Altıncısı; ekonomi. Deprem çok büyük bir ekonomik felakettir. Gaziantep, Maraş’a bakın. O yörenin ekonomi bölgesiydi. Bugün ekonominin çarkları durdu. Ekibin yarısı ya öldü ya göç etti. Pazarı kaybetti, müşteriyi kaybetti. O bölgeyi 10-15 senede aynı konuma getiremezsiniz.

“SİYASİ BAĞIMSIZLIĞINI DA KAYBEDER DİYE ENDİŞE EDİYORUM”
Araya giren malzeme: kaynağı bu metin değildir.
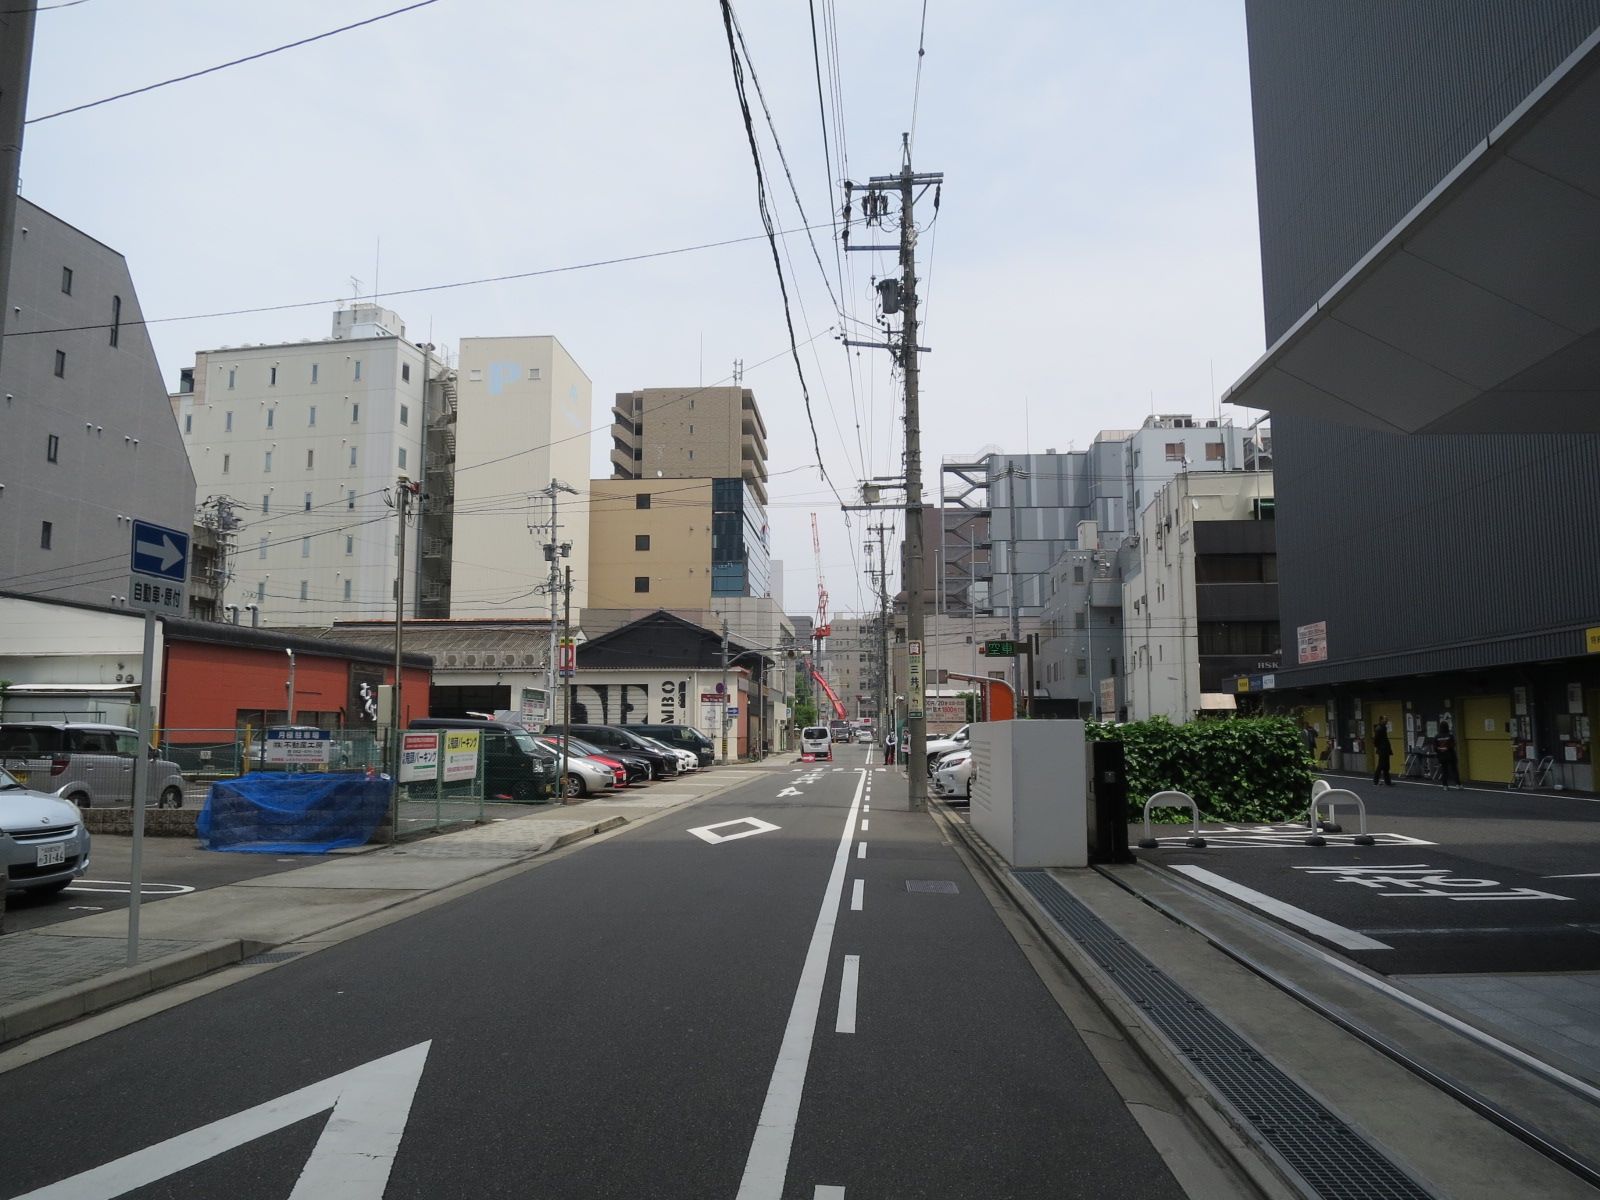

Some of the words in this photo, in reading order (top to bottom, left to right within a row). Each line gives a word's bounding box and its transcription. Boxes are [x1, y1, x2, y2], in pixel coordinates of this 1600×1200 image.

[134, 583, 181, 607] 自動車・原付
[989, 642, 1012, 654] 空車
Eğer İstanbul’da beklediğimiz deprem olursa Marmara Bölgesi Türkiye’nin yüzde 60’ındaki ekonomik faaliyetlerin merkezi; İstanbul’daki iş dünyasının depreme hazırlıksızlığı nedeniyle Marmara’daki ekonomi çarkları durur. Durması demek Türkiye’nin ekonomik anlamda diz üstü çökmesi demek. Türkiye diz üstü çökerse ekonomi bağımsızlığını kaybeder, siyasi bağımsızlığını da kaybeder diye endişe ediyorum.
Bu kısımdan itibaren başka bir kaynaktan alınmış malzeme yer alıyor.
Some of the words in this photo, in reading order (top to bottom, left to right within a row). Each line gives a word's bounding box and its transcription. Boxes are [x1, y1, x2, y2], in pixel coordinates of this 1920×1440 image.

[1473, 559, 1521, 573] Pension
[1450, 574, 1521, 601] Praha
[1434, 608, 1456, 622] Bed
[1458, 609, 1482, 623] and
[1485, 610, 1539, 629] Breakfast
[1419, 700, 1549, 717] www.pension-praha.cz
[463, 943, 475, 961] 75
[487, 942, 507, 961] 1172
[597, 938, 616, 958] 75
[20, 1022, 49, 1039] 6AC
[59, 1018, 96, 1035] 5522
“ÖNCELİKLE BİR AFET BAKANLIĞI KURULACAK”

Altı madde saydım bunların hepsini yapmak mümkündür. Öncelikle bir Afet Bakanlığı kurulacak. Temelinde deprem olur ama iklimde gelir. İklimde bizi vurmaya başlayacak. O bakanlık belirli bir süre bizim göz bebeğimiz olacak. En fazla bütçenin verileceği bakanlık olacak. Liyakate bağlı bir ekip sistemiyle kurulacak. Yıllık veya 5 yıllık planlar dahilinde deprem kuşaklarındaki yerleşim yerlerinde işe başlayacaktır. 20 yıldır bütün Türkiye’yi deprem dirençli hale getirebiliriz. Bunu yaptığımız takdirde biz özgür Türk milleti olarak ebediyete kadar bu topraklarda yaşarız. İşimizi gücümüzü bile bırakmayız. Anneler çocuklarının hayatından endişe etmez, okullarımız, hastanelerimiz açık kalır. Bunu çağdaş ülkeler başarmıştır bizde başarabiliriz her şeyimiz vardır."